Recorded data
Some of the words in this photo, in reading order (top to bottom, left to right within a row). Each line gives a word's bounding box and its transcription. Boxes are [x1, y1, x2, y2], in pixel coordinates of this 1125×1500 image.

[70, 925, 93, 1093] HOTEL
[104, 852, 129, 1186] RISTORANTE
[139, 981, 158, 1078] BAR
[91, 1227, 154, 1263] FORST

Work to be completed
Copy out the data in full, exactly.

Exercise response
Some of the words in this photo, in reading order (top to bottom, left to right within a row). Each line gives a word's bounding box and its transcription. Boxes are [x1, y1, x2, y2], in pixel coordinates of this 1125×1500 image.

[70, 925, 93, 1093] HOTEL
[104, 852, 129, 1186] RISTORANTE
[139, 981, 158, 1078] BAR
[91, 1227, 154, 1263] FORST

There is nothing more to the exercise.